---------- INPUT MATERIAL ----------

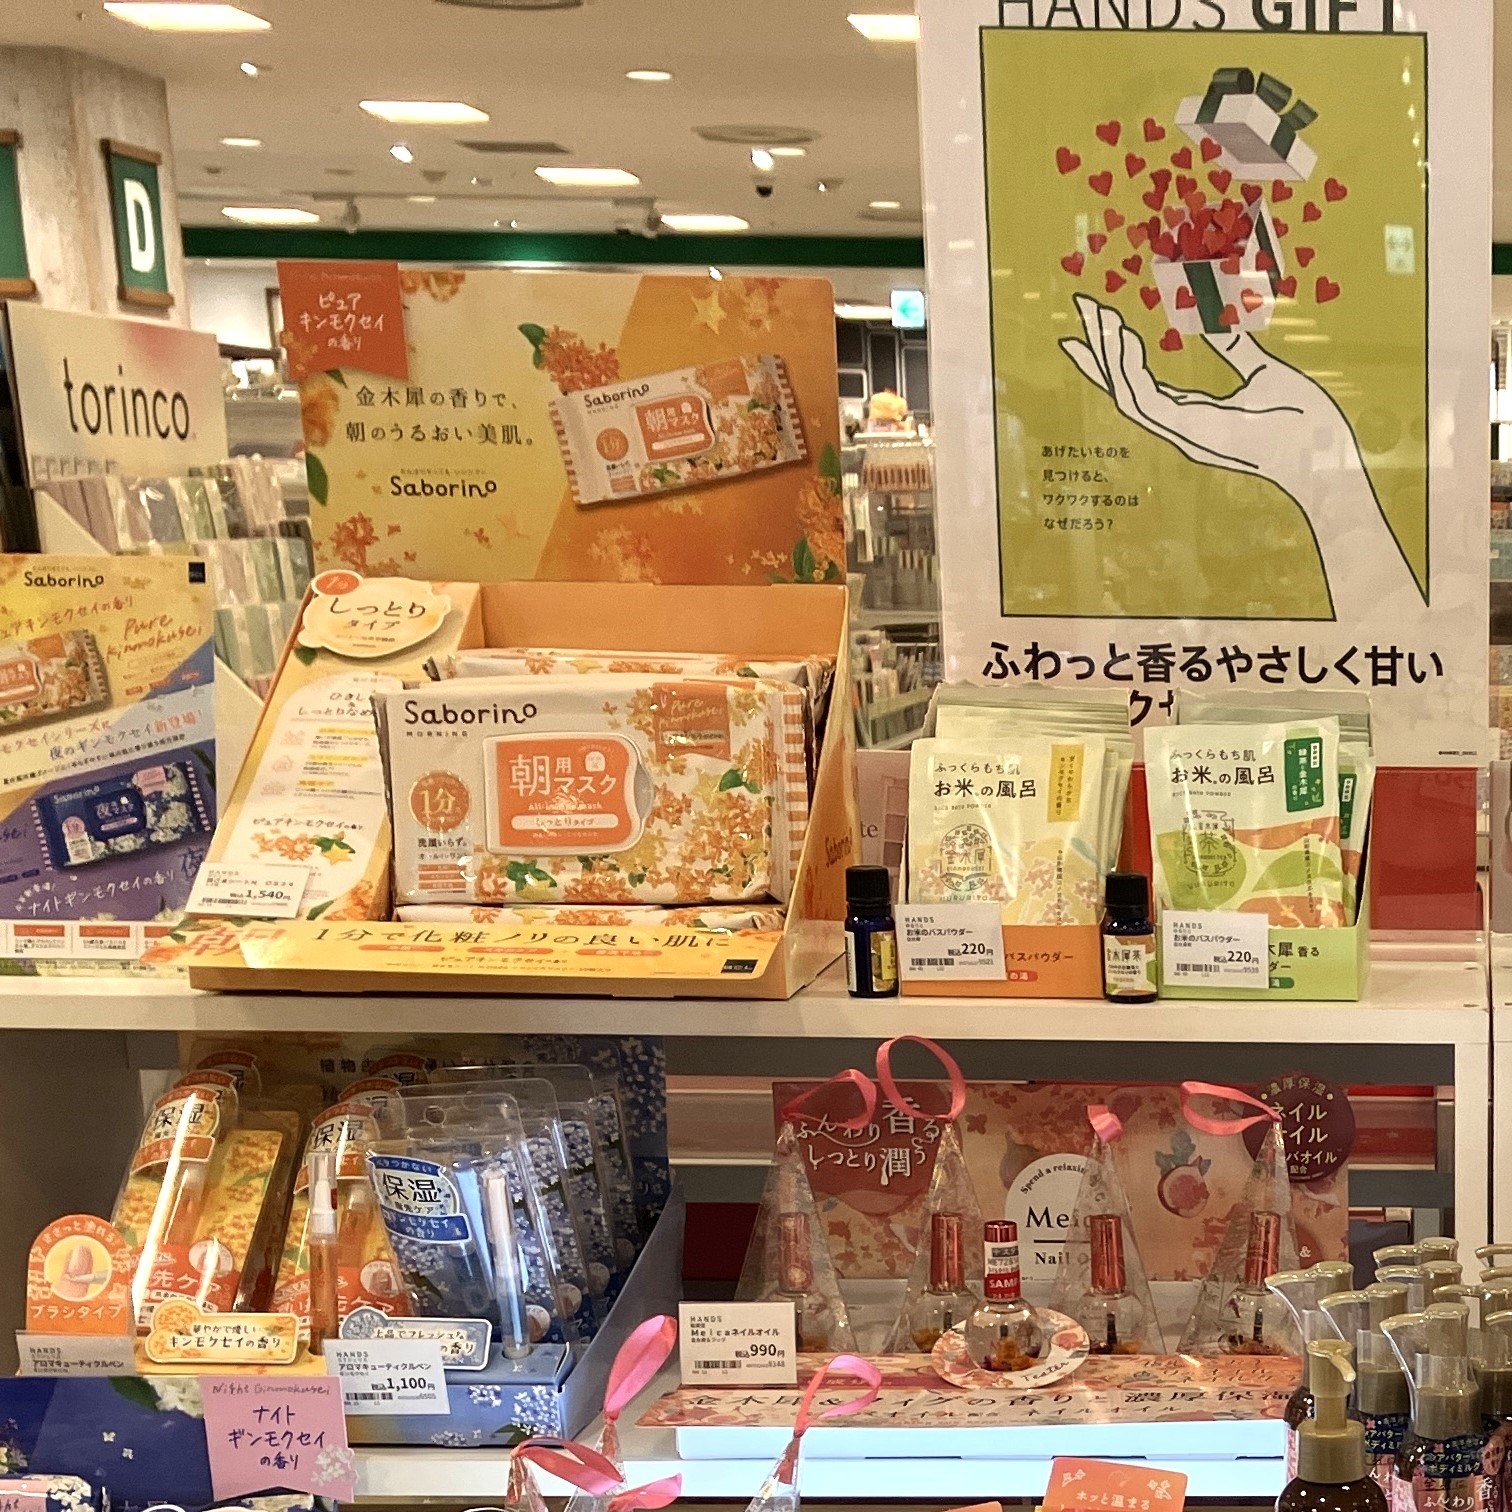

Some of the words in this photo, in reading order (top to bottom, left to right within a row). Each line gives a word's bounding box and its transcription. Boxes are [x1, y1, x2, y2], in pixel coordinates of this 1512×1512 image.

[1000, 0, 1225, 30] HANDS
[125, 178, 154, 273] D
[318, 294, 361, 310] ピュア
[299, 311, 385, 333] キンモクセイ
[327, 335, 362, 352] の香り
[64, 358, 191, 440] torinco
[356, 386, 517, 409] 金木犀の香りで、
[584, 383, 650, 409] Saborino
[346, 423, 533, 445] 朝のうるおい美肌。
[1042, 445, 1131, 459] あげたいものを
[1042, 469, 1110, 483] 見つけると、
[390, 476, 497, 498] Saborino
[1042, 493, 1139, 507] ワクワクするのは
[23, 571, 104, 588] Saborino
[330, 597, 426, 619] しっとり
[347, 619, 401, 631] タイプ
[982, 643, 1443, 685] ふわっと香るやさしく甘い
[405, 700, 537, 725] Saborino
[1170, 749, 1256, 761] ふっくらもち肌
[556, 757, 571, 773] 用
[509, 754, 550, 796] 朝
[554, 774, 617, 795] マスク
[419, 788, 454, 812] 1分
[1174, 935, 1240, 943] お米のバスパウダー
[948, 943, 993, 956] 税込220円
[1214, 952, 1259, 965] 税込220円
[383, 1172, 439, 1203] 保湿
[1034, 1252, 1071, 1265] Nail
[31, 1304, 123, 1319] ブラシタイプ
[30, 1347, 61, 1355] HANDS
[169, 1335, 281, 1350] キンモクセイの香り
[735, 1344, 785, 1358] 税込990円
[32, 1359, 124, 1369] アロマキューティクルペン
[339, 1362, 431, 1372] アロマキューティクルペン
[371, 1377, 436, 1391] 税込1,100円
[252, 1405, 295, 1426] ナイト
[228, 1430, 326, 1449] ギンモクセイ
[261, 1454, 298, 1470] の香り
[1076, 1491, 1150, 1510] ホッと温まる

----------

▸ **EXERCISE AIM**: Could you repeat every record exactly as written, with the pictures left out?

▸ **EXERCISE OUTPUT**:
Some of the words in this photo, in reading order (top to bottom, left to right within a row). Each line gives a word's bounding box and its transcription. Boxes are [x1, y1, x2, y2], in pixel coordinates of this 1512×1512 image.

[1000, 0, 1225, 30] HANDS
[125, 178, 154, 273] D
[318, 294, 361, 310] ピュア
[299, 311, 385, 333] キンモクセイ
[327, 335, 362, 352] の香り
[64, 358, 191, 440] torinco
[356, 386, 517, 409] 金木犀の香りで、
[584, 383, 650, 409] Saborino
[346, 423, 533, 445] 朝のうるおい美肌。
[1042, 445, 1131, 459] あげたいものを
[1042, 469, 1110, 483] 見つけると、
[390, 476, 497, 498] Saborino
[1042, 493, 1139, 507] ワクワクするのは
[23, 571, 104, 588] Saborino
[330, 597, 426, 619] しっとり
[347, 619, 401, 631] タイプ
[982, 643, 1443, 685] ふわっと香るやさしく甘い
[405, 700, 537, 725] Saborino
[1170, 749, 1256, 761] ふっくらもち肌
[556, 757, 571, 773] 用
[509, 754, 550, 796] 朝
[554, 774, 617, 795] マスク
[419, 788, 454, 812] 1分
[1174, 935, 1240, 943] お米のバスパウダー
[948, 943, 993, 956] 税込220円
[1214, 952, 1259, 965] 税込220円
[383, 1172, 439, 1203] 保湿
[1034, 1252, 1071, 1265] Nail
[31, 1304, 123, 1319] ブラシタイプ
[30, 1347, 61, 1355] HANDS
[169, 1335, 281, 1350] キンモクセイの香り
[735, 1344, 785, 1358] 税込990円
[32, 1359, 124, 1369] アロマキューティクルペン
[339, 1362, 431, 1372] アロマキューティクルペン
[371, 1377, 436, 1391] 税込1,100円
[252, 1405, 295, 1426] ナイト
[228, 1430, 326, 1449] ギンモクセイ
[261, 1454, 298, 1470] の香り
[1076, 1491, 1150, 1510] ホッと温まる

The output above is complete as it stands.